Olivia was the best liar in their family, which is why Ellen had brought her along to Scotland Yard today. The twins, Gwen and Charlie were seven and hopeless, Gray could get anything out of them. Benjamin, at four, was no better.
“This family rarely does what I ask of you.”
“Oh, now that’s unfair,” Ellen protested. He raised a brow but did not comment further.
“Did you have a nice last day at Scotland Yard, Daddy?”
“I did actually. Mrs. Potts, who is the tea lady, brought in ice fruit buns, and you know how much I like them.”
“Oooh, I love those,” their daughter said.
Ellen thought perhaps Olivia would make a credible actress. The child was sitting still, watching her father with wide eyes while he went into detail about his day. Their eldest rarely sat still without speaking for that long, but Ellen had told her to divert her father’s attention if he asked questions about a party.
They rolled into Crabbett Close twenty minutes later, and Olivia’s eyes were starting to glaze over as Gray went into detail about handing over a particularly tricky case about a missing painting.
“Oh look, we are at Crabbett Close,” she exclaimed. “Has Mr. Greedy painted his house, do you think, Daddy?”
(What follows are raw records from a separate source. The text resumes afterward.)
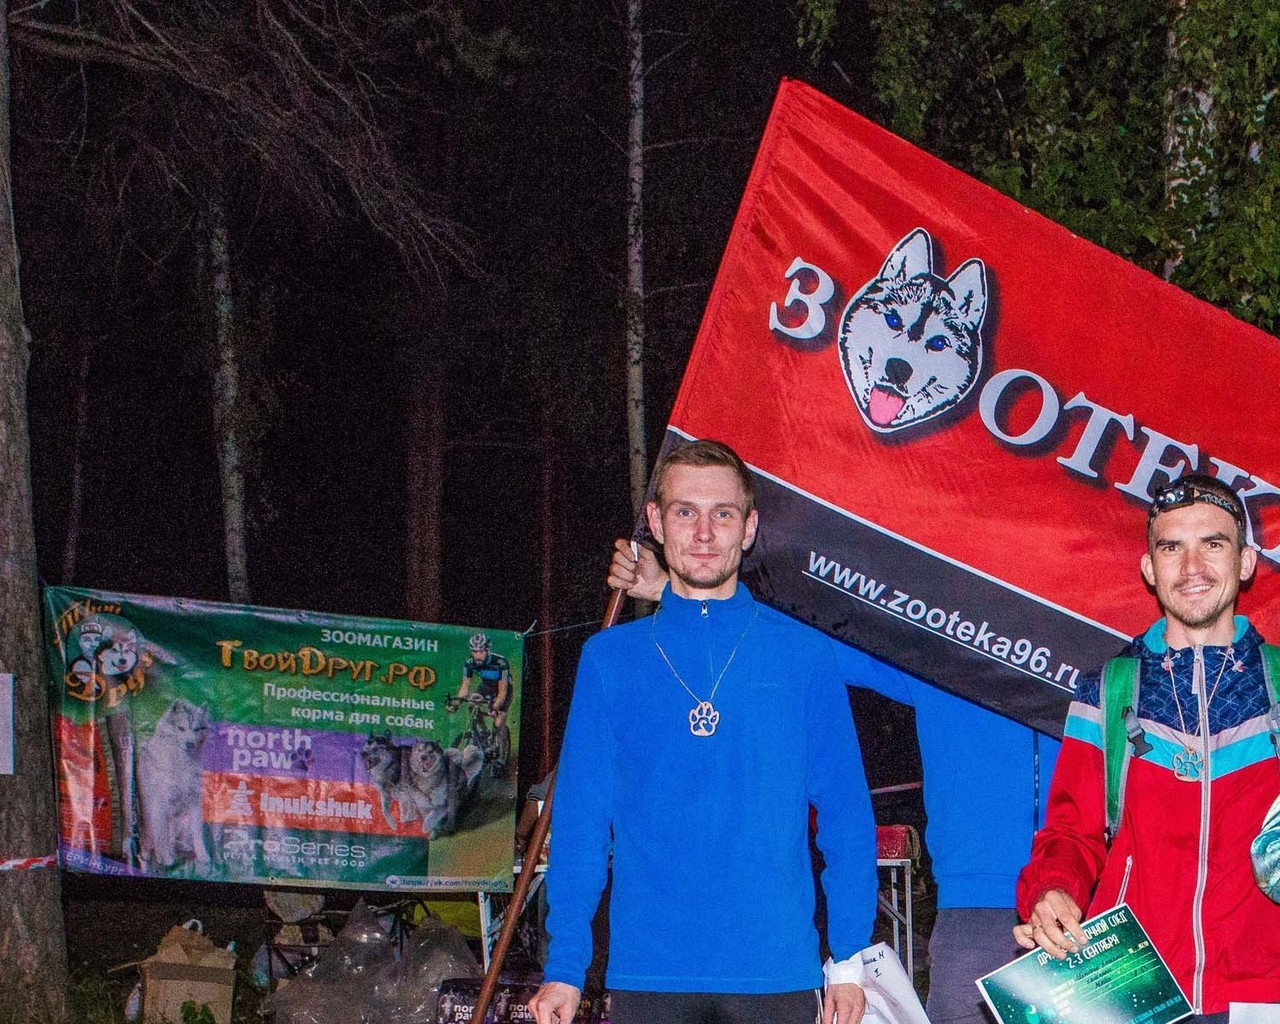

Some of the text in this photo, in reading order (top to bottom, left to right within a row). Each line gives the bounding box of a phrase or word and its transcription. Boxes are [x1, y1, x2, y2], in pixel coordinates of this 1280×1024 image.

[808, 551, 1079, 690] www.zooteka96.ru
[321, 629, 439, 652] ЗООМАГАЗИН
[263, 683, 435, 710] Профессиональные
[291, 706, 435, 730] корма для собак
[226, 727, 312, 751] north
[232, 749, 293, 772] paw
[1066, 953, 1084, 969] 2-3
[1082, 933, 1120, 960] СЕНТЯБРЯ
[454, 1003, 474, 1013] nor
Gray’s eyes had been about to look at the park, but switched to the other side of the carriage. He peered out.
“I don’t think so.”
“Do you know that Mr. Alvin is nearly one hundred years old, Daddy? Mungo told me the reason he’s lived so long is because he never swears and walked around the Close five times each day. Plus, he always does what Mrs. Alvin told him to do when she was still alive.”
Gray made a choking sound, which was completely justified. Mr. Alvin could swear better than most, and rarely walked anywhere, plus he and his sister never listened to a word the other said.
The carriage rolled to a stop.
“Come along, Daddy,” Olivia said, opening the door.
“I’m not about to be ambushed, am I?” Gray asked, not looking quite so calm now.
“Honestly, Gray. You are a very untrusting man,” Ellen said, taking the hand he held out to her.
“And yet as you won’t look at me, my suspicion rises,” he muttered, following her up the path to 11 Crabbett Close.
Ellen was lying to him. He just wasn’t sure what she had up her sleeve. Olivia had been distracting him the entire way to Crabbett Close. He knew this, as she was never that interested in anything he said, and especially not about his work.
He followed the lovely sway of his wife’s skirts up the steps and in through the open door Olivia had just sprinted through.
Bracing himself for people to appear and yell surprise or to find a gathering in one of the living rooms, he entered cautiously. The hallway was empty and there was no hum of voices.
“Bud says that Benjamin, Gwen and Charlie are in the park, mummy. Can I go there?” Olivia said, reappearing. “Uncle Leo is there too.”
“Will you come with me, Daddy? We could fly Uncle Leo’s kite.”
Perhaps he had been wrong, and there wasn’t a party, Gray thought, letting his shoulders lower. But he’d been certain something was suspicious in the carriage.
He let Olivia lead him out of the house and across the street. It was as he rounded the row of bushes he saw all the people gathered in the middle on the green. Tables, banners, and people.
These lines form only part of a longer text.